Normal şartlar altında üreticiden tüketiciye uzanan zincirin sağlıklı olarak çalıştığı varsayılır ve genellikle öyledir de... Ancak tabii ki istisnai durumlar da olabilir ve bugünlerde bu tür durumlarla karşı karşıyayız…

Üretimin beklenenden fazla olması durumunda, bunların düşük fiyatlarla tüketiciye arz edilmesi ve bu işle uğraşanların sürümden kazanmaları da, sevinilecek tarafları çok olan bir durum olup, tabii ki güzel bir istisnadır.

Seracılık faaliyetleri ile elde edilebilen ve tabii olarak kendisine has pahalılık arz eden ürünler de istisna kapsamında... İhracatla alakalı ürünler de…
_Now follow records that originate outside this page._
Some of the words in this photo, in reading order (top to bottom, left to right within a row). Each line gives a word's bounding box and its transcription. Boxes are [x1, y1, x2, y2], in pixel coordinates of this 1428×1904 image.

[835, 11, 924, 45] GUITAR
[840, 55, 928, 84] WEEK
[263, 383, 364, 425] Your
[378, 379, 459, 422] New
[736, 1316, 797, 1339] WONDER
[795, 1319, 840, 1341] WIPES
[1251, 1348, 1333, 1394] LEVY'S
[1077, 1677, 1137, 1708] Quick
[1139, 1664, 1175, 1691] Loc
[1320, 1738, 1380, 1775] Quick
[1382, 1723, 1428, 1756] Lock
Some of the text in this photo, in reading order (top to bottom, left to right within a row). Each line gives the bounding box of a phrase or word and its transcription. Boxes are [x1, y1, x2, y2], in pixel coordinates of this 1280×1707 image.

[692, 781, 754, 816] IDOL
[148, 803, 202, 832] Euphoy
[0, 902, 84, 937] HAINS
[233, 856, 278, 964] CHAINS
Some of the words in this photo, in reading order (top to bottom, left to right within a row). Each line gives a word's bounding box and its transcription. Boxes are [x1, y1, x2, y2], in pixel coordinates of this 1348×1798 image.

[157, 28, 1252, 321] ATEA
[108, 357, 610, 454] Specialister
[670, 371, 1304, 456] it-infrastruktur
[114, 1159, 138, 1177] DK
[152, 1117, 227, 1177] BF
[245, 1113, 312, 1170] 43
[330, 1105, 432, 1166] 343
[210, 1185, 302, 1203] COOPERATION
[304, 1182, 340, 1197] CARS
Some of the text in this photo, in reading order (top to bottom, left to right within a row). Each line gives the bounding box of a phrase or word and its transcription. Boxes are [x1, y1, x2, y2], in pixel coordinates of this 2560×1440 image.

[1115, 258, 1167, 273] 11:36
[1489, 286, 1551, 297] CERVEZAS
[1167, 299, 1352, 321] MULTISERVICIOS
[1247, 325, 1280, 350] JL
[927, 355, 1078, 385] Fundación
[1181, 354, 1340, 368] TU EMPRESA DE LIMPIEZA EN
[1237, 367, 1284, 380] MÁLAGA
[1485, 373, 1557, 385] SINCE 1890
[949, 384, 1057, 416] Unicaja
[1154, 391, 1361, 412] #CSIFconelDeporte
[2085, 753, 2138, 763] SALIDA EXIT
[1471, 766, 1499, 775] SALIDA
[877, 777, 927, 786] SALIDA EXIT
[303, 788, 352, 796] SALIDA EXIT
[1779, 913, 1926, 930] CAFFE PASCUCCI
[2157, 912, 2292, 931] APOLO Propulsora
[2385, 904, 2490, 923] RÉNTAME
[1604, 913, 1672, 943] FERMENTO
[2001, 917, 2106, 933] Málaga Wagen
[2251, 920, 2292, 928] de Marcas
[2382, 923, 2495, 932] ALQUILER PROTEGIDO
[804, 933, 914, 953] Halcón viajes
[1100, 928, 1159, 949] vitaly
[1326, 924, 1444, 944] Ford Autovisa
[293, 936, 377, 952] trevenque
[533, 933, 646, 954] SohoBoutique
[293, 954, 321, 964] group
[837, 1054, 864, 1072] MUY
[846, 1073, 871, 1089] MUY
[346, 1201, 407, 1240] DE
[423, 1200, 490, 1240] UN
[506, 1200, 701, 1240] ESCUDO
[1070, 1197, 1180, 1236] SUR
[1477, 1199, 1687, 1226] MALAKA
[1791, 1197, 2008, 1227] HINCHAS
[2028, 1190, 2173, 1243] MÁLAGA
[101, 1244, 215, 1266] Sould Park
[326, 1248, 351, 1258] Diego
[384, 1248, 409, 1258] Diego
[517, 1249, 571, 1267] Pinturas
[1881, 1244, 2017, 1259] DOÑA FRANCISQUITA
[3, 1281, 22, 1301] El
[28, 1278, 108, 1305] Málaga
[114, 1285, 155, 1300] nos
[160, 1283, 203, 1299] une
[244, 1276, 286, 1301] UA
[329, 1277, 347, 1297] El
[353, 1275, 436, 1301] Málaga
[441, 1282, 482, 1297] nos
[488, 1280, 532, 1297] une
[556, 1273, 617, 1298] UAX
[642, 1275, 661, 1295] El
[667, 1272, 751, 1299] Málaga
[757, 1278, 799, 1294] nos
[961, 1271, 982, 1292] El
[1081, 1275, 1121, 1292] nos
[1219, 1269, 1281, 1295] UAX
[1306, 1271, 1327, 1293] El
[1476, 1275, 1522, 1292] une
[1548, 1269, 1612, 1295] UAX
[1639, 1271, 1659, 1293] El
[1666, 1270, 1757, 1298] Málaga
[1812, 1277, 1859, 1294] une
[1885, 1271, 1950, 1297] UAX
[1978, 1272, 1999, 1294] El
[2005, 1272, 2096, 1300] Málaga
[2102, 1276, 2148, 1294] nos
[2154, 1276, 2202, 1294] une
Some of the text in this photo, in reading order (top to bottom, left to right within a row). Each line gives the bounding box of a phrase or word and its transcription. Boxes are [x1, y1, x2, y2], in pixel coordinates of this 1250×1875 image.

Ancak, kuraklık, aşırı yağış, sel ve benzeri çeşitli sebeplerle yeterli üretimin yapılamaması durumunda, piyasaya verilebilen mal azalır ve bu durumda ister istemez belirli bir ölçüde pahalılık söz konusu olur. Pek arzu edilmeyecek bir husus olmakla beraber, bu da eninde sonunda ticari bir faaliyettir.

Sadece kar hırsı değil!..

Herhangi bir malın üretimi yeterli ya da aslında belki biraz fazla olduğu halde, birilerinin üreticiden aldıkları malları depolamaları ve arzı kısıtlayarak suni bir darlık oluşturmalarının ticaretle alakası olup olmadığı, ciddi şekilde sorgulanması gereken bir husus.

Kapitalist sistemin ahlaksızlıklarından birisi olarak, fazla olduğu ve dolayısıyla fiyatlarının düşeceği düşünülen ürünlerin bir kısmının denize dökülerek imha edilmesi ve elde kalanların tüketiciye daha pahalı satılması olaylarına tarihte sıklıkla rastlanmıştır.

Ülkemizde son senelerde önce patates ve ardından soğanla ortaya çıkan ve arada başka bazı ürünlerde de benzerlerine rastladığımız türden girişimler de, birileri tarafından serbest piyasa kılıfı ile yutturulmaya çalışılsa da, aslında ticaretten çok vahşi kapitalizmi hatırlatan uygulamalar...

Mahsul alınan dönemlerde soğan ve patates gibi ürünlerin üreticiden ucuza alınıp, azının piyasaya verildiği ve çoğunun stoklanmasıyla suni darlık oluşturan bir mekanizma söz konusu...

Bu mekanizmayı birilerinin kar hırsıyla izah, mümkün. Ancak son zamanlarda maruz kaldığımız saldırılar hatırlandığında, piyasada suni bir pahalılık oluşturmaya çalışanların başka birtakım niyetleri olduğu da söylenebilir.

Devlet kuruluşları bu türden girişimlere karşı tedbirlerini aldıkları gibi, yeni bir Hal Yasası ve benzeri uzun vadeli çalışmalar yaptıkları da biliniyor.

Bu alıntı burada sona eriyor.